Lewton believed that you did not have to sacrifice quality to make a movie on a budget.  His movies tended to be well-acted and creepy, sacrificing shock-value and substituting suspense in order to cut down on special effects budget.  He's not a household name like Billy Wilder, David O. Selznick and the like, but I think he's one of the most interesting movie producers of his era.
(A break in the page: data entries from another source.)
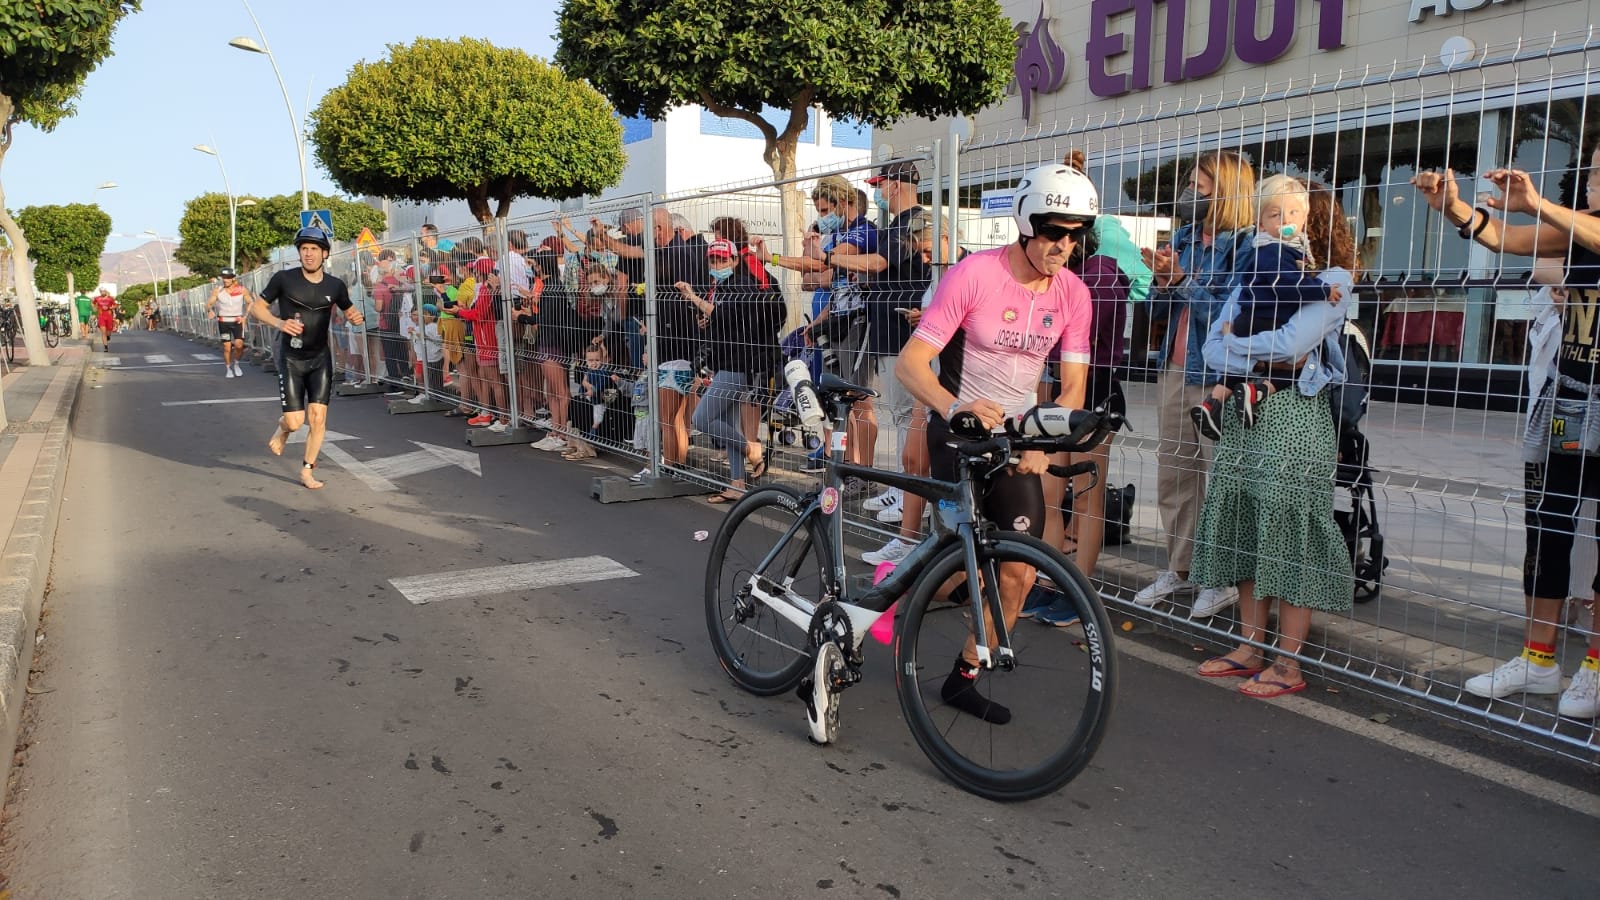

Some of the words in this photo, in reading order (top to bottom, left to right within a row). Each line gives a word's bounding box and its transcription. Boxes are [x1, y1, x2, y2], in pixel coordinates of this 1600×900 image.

[1045, 193, 1071, 208] 644
[744, 219, 777, 228] ANDORA
[994, 329, 1019, 348] JORGE
[962, 417, 975, 428] 3T
[1085, 622, 1101, 664] SWISS
[1092, 666, 1102, 692] DT
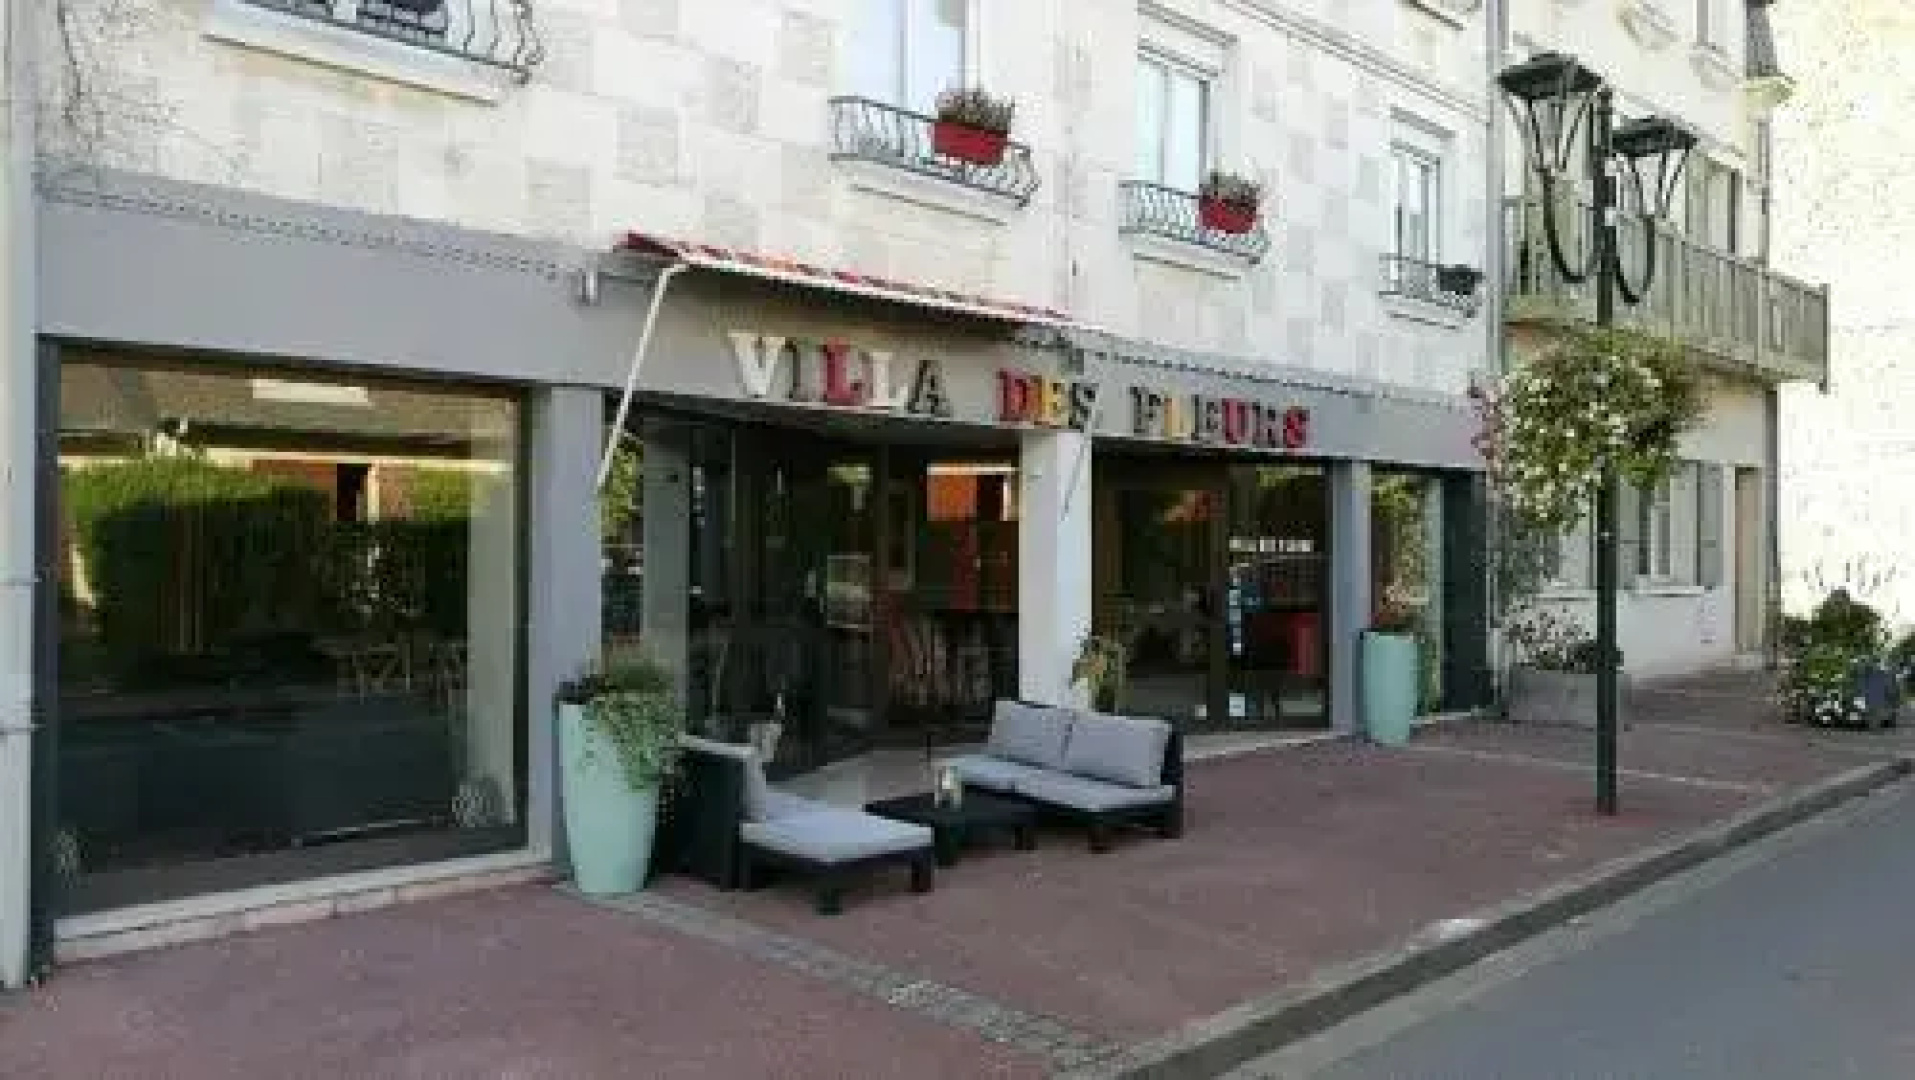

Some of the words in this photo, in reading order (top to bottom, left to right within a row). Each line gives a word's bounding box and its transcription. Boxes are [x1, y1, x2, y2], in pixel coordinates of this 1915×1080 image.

[728, 329, 952, 418] VILLA
[996, 370, 1098, 430] DES
[1130, 386, 1310, 449] FLEURS
His movies were marketed as shlock, but they stand the test of time and remain beloved today.

Which brings us to Curse of the Cat People, which is in my opinion Lewton's best movie.  But it's a peculiar movie.  Lewton wanted to break out of the horror genre and make a touching little movie about a lonely little girl, but the studio interfered.  They insisted that his next movie be named Curse of the Cat People to capitalize on the success of his earlier monster movie about a woman who turns into a panther and kills people. 

The problem was that the movie Lewton planned was not similar in plot or in tone to The Cat People, but he had to obey his corporate masters, so he tacked on a connection.  In The Cat People, Oliver Reed is married to Irena (pronounced ee-RAY-nuh), an Eastern European immigrant with a mysterious past.  She goes a little crazy, turns into a cat, kills a man, and ultimately kills herself.  He falls in love with another woman, Alice, along the way.

When Curse of the Cat People begins, Oliver Reed is married to Alice and they have a 5-year-old daughter, Amy.  Amy struggles in school because she is shy and seems to spend her time daydreaming.  Her father encourages her to make new friends and stop living in a make-believe world.  Amy tries, but the initial results are not encouraging. 

Oliver and Alice are struggling with the memories of what happened with Irena.  Oliver, for one, cannot seem to put behind him the tragedy of his first marriage.  Keep in mind, he was happily married to Irena before she murdered someone and killed herself.  Oliver keeps Irena's artwork around the house, as well as pictures of her, semi-hidden.

Amy strikes up a friendship with a female apparition, played by the same actress who played Irena in the prequel.  As Amy is otherwise friendless, she values this relationship.  The woman offers Amy advice and plays with her.  Amy discovers a picture of Irena in a drawer in the house and asks Alice who it is.  Alice explains that her name is Irena, but says little else.  Amy goes to the place where she meets her friend and calls out "Irena! Irena!"  The friend returns and says, "You called my name."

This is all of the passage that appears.